His comments come after the prime minister used a swiftly arranged press conference in central London today to accuse Leave campaigners of telling "complete untruths".
Boris Johnson has criticised people "queuing up" to say Britain "will go down the plughole" if the country votes to leave the European Union.
Mr Johnson said it is "disappointing" to hear "so much negative rhetoric" coming from the UK government and the Remain campaign.
The former Mayor of London was responding to comments made by Janet Yellen, the chair of the US central bank, who said Brexit would lead to "significant economic repercussions".
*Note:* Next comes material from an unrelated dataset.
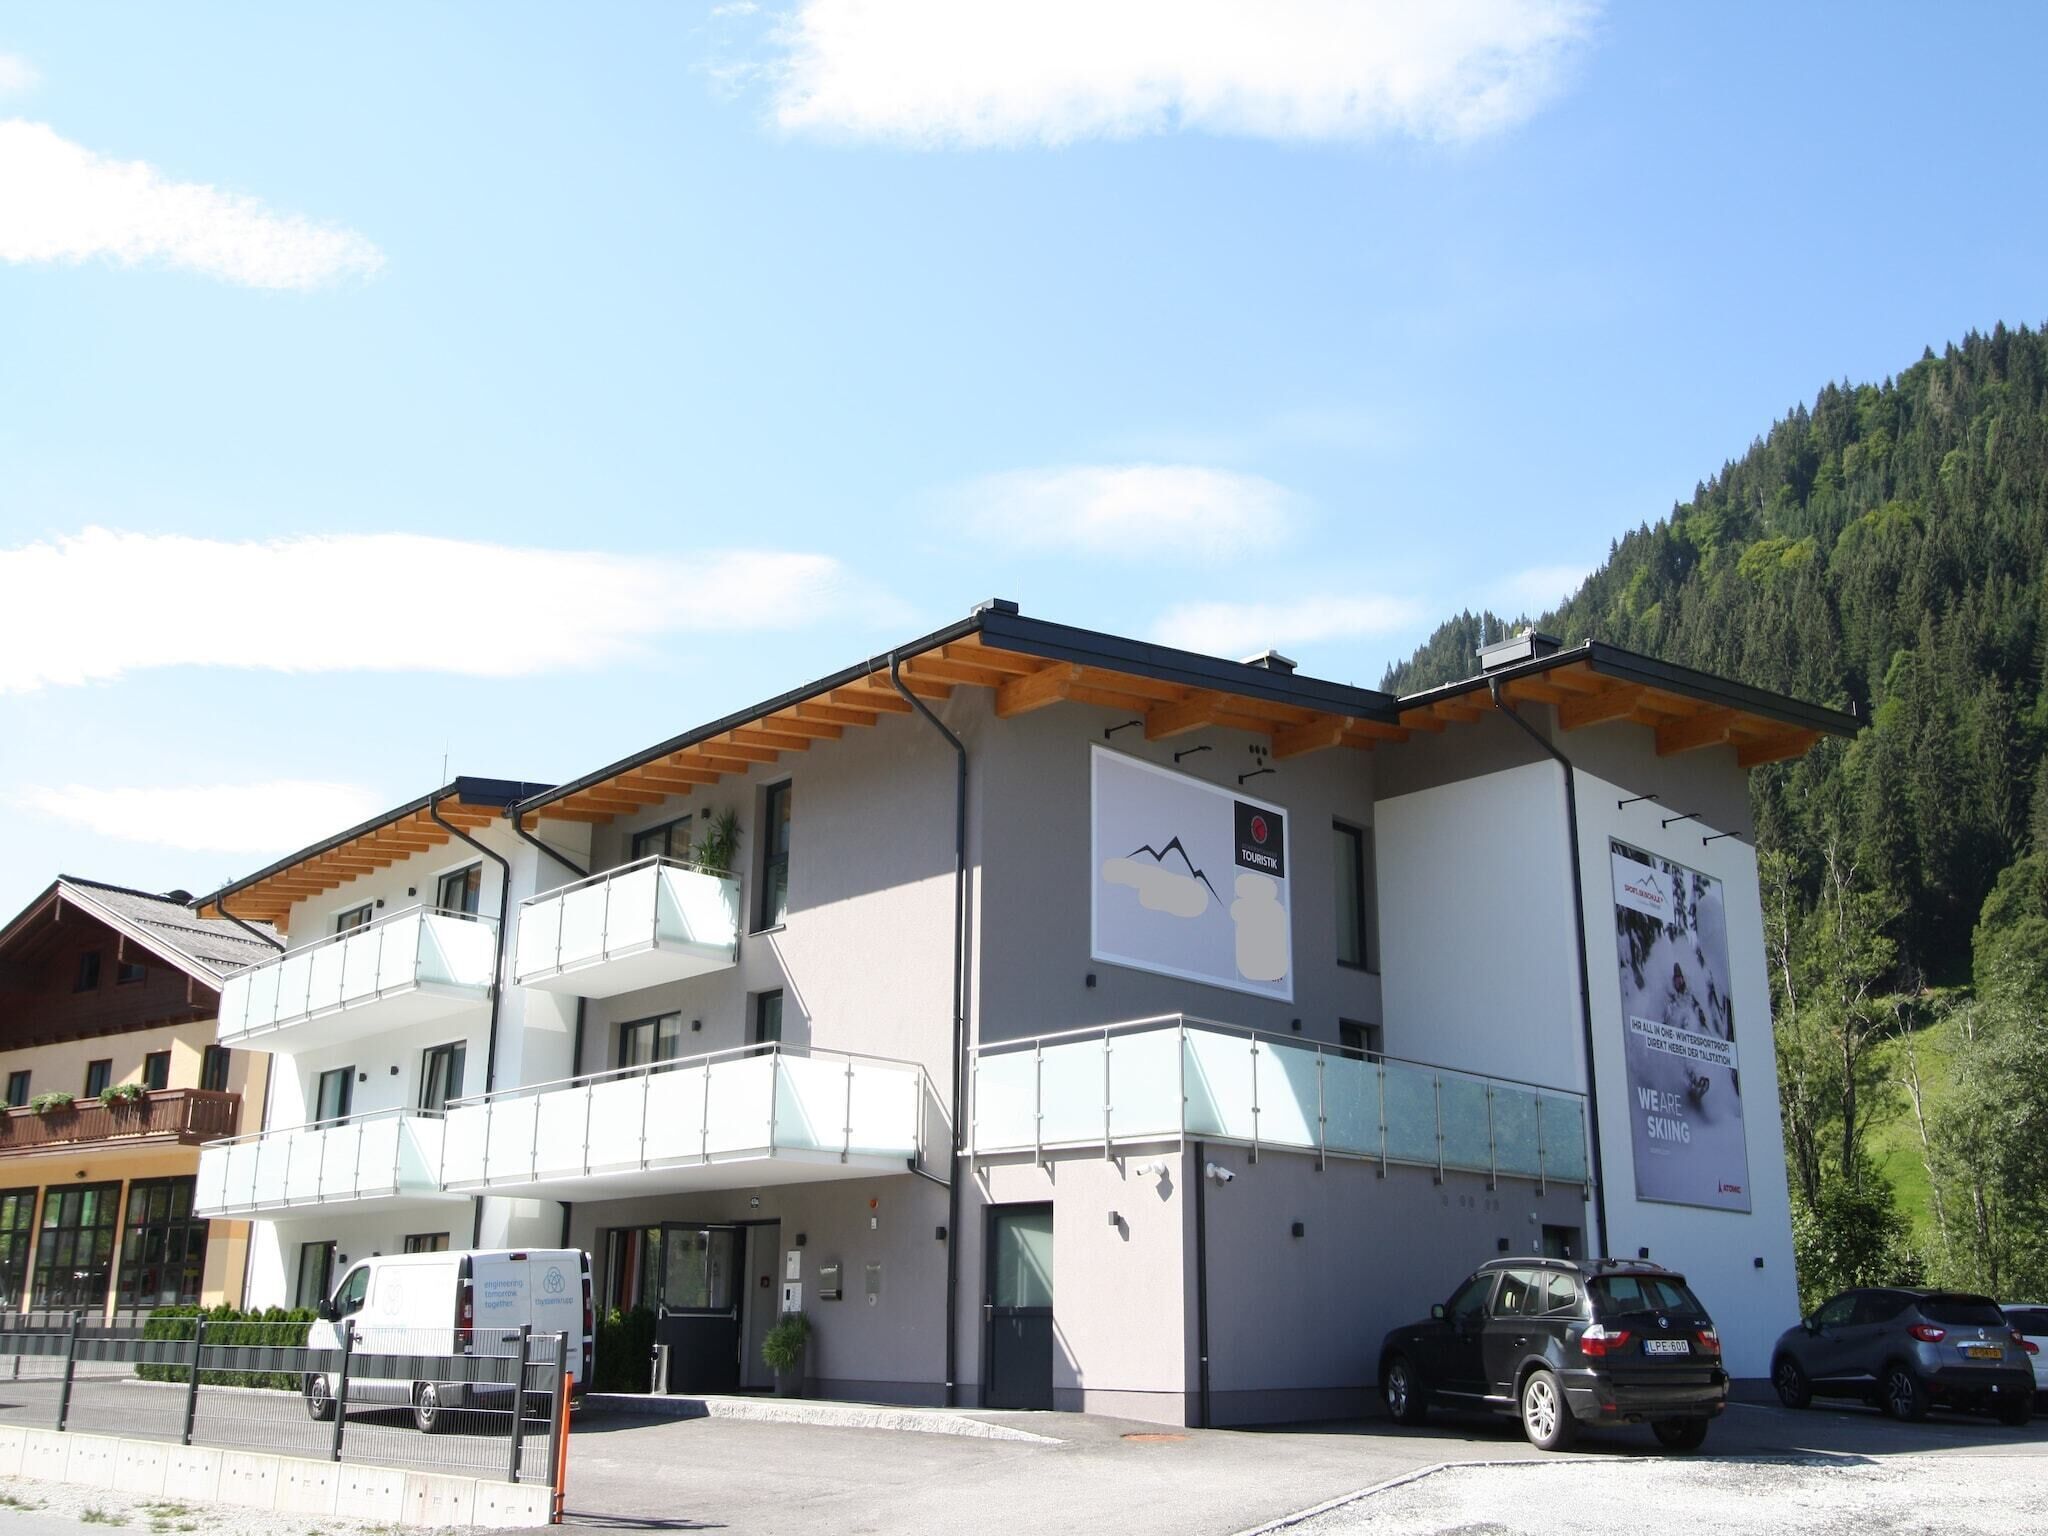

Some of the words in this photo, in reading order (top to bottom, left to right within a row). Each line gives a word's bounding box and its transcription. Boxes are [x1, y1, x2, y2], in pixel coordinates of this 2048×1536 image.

Earlier the Prime Minister David Cameron said a vote to leave the EU would be a "high-risk bet for our children", which followed an intervention by the head of the World Trade Organisation, who warned that negotiating new trade deals post Brexit could take "decades".
"This is a great country and great economy, and I think people know we can do brilliantly if we take back control not just of huge sums of money, but our immigration policy and our tax and our trade policies," said Mr Johnson.
"This is the chance for us to go global and reflect the scale of what the UK is able to achieve," he added.
British exporting businesses could be hit by £34 billion in additional red tape costs if the UK leaves the EU, Sajid Javid has said.
The business secretary said being outside the EU's common rule book could severely hit businesses trading in goods and services and cost an average of £80,000 for each exporting business.
Speaking in Canary Wharf as part of the EU referendum campaign trail, he said: "Faced with those huge extra burdens, our companies would simply export less - that would mean lower growth and it would mean fewer jobs."
He added that the EU is crucial for Britain's services sector, which is a "massive driver of our economy" because it is responsible for "80% of UK jobs".
Mr Javid insisted that as a member of the EU, Britain helps sets the rules, and "90% of the time, we get the rules that we want".
The business secretary was speaking at the event with Labour politician Peter Mandelson.
David Cameron has said a vote to leave the European Union would be a "high-risk bet for our children", as he pointed to today's intervention by the head of the World Trade Organisation (WTO) that negotiating new trade rules after Brexit could take "decades".
Speaking in central London, the prime minister attacked Vote Leave's campaign of "complete untruths", which he said are being used due to a lack of "any credible experts" backing their argument.
Mr Cameron said voting to remain in the EU "matters for your job... for the prices you pay in the supermarket each week, for the mortgage you pay, or your chances of getting on the housing ladder.
"It matters for your pension, the price of your family holiday (and) the money we have available to spend on your local hospital or school," he added.
Latest ITV News reports
Mr Cameron and the Remain campaign are on the defensive - perhaps for the first time in this campaign.
The head of the World Trade Organisation has warned Brussels as well as Britain would be required to negotiate post-Brexit arrangements.